**GOAL OF THE EXERCISE**:
The records that follow are to be copied word for word. Pictures should be omitted.

(Spatial localization data)
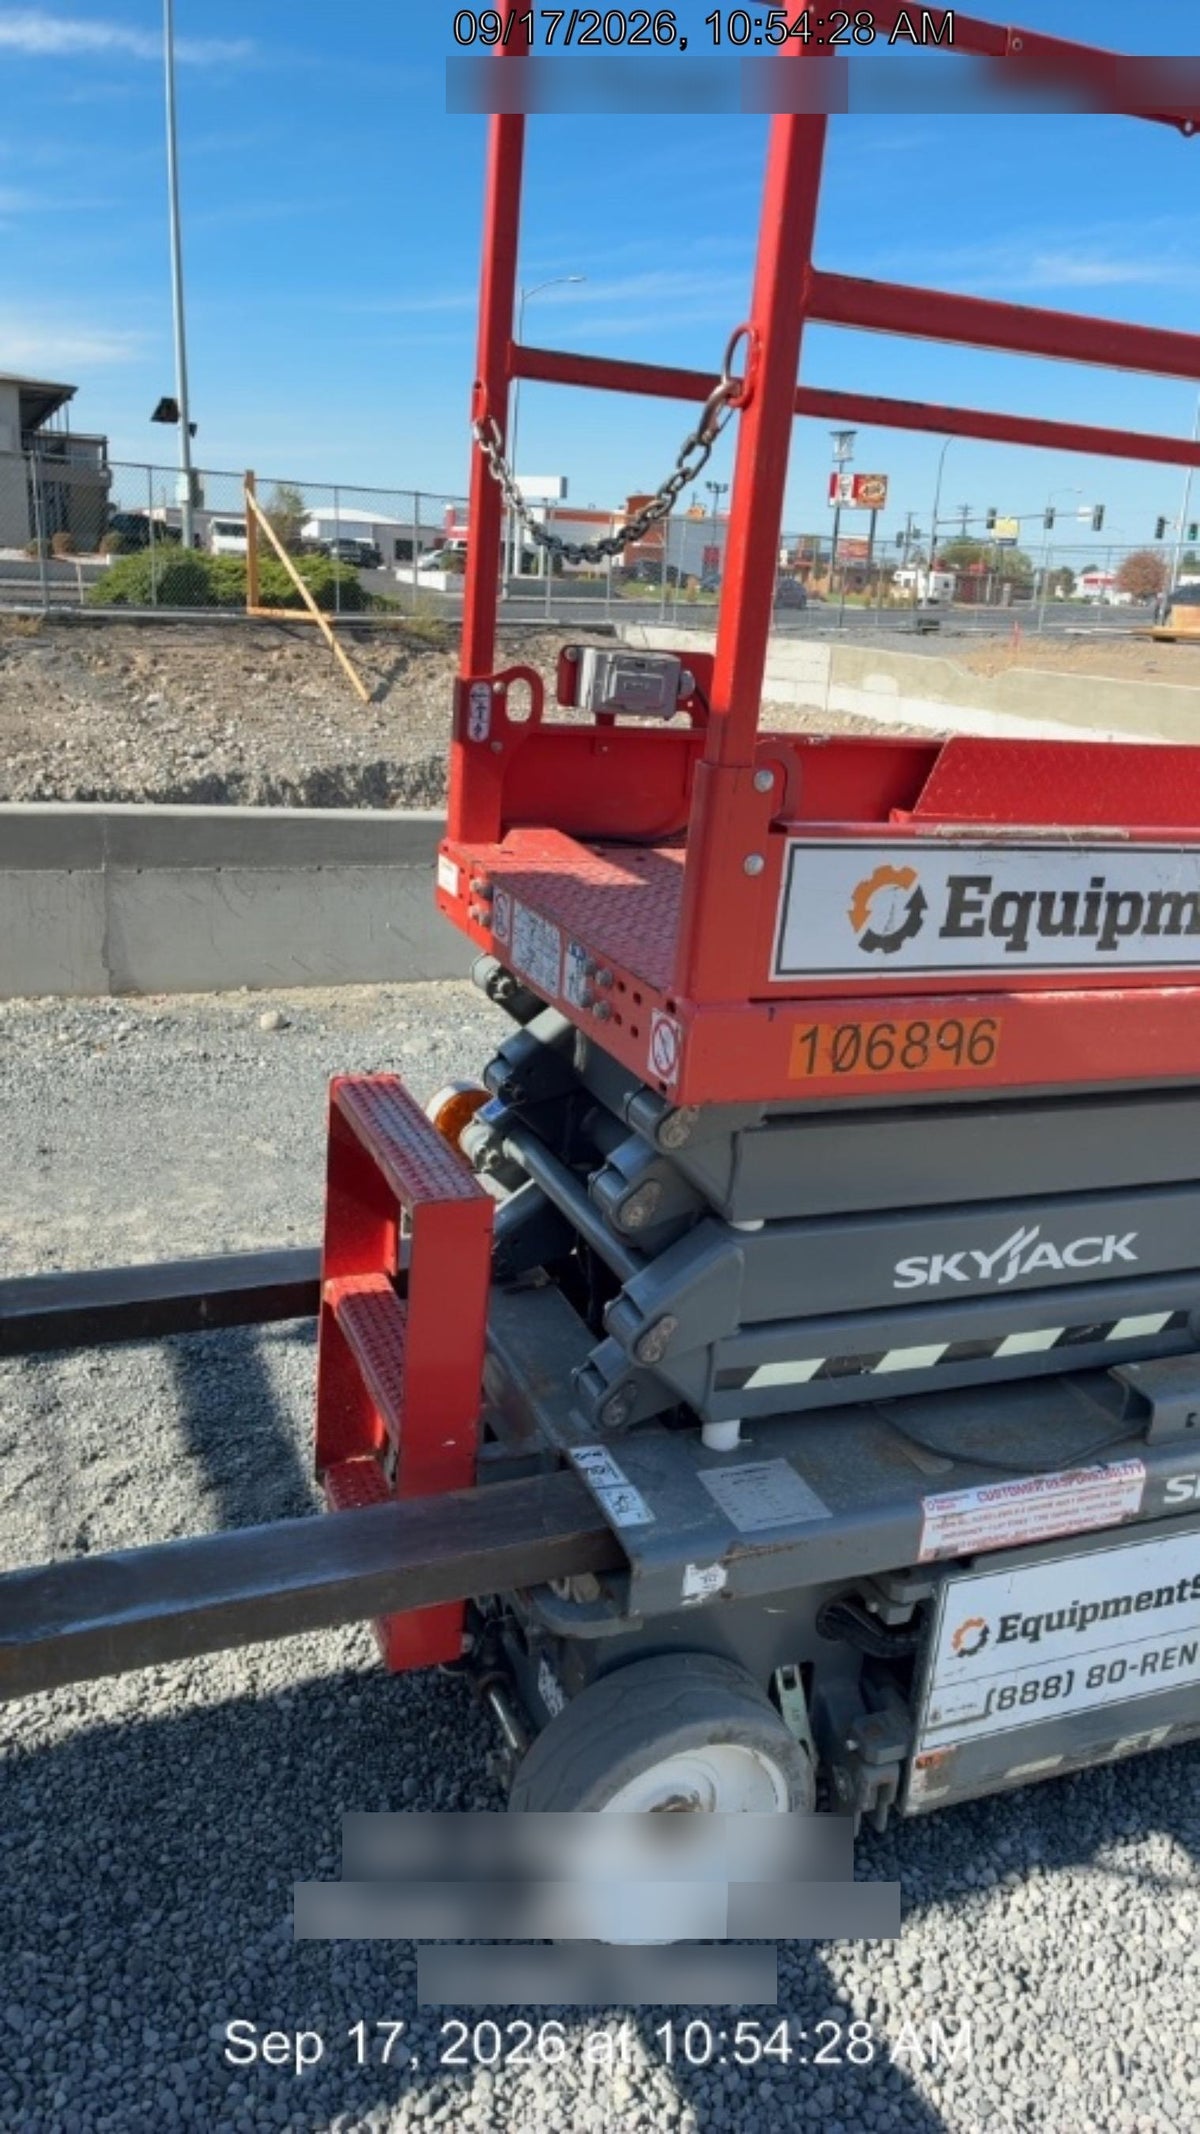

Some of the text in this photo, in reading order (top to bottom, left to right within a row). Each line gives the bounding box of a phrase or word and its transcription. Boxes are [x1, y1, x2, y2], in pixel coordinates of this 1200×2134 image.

[800, 1018, 998, 1075] 106896
[893, 1225, 1140, 1289] SKYJACK
[1164, 1474, 1200, 1504] S
[983, 1641, 1199, 1716] (888) 80-REN

**EXERCISE RESPONSE**:
Some of the text in this photo, in reading order (top to bottom, left to right within a row). Each line gives the bounding box of a phrase or word and its transcription. Boxes are [x1, y1, x2, y2], in pixel coordinates of this 1200×2134 image.

[800, 1018, 998, 1075] 106896
[893, 1225, 1140, 1289] SKYJACK
[1164, 1474, 1200, 1504] S
[983, 1641, 1199, 1716] (888) 80-REN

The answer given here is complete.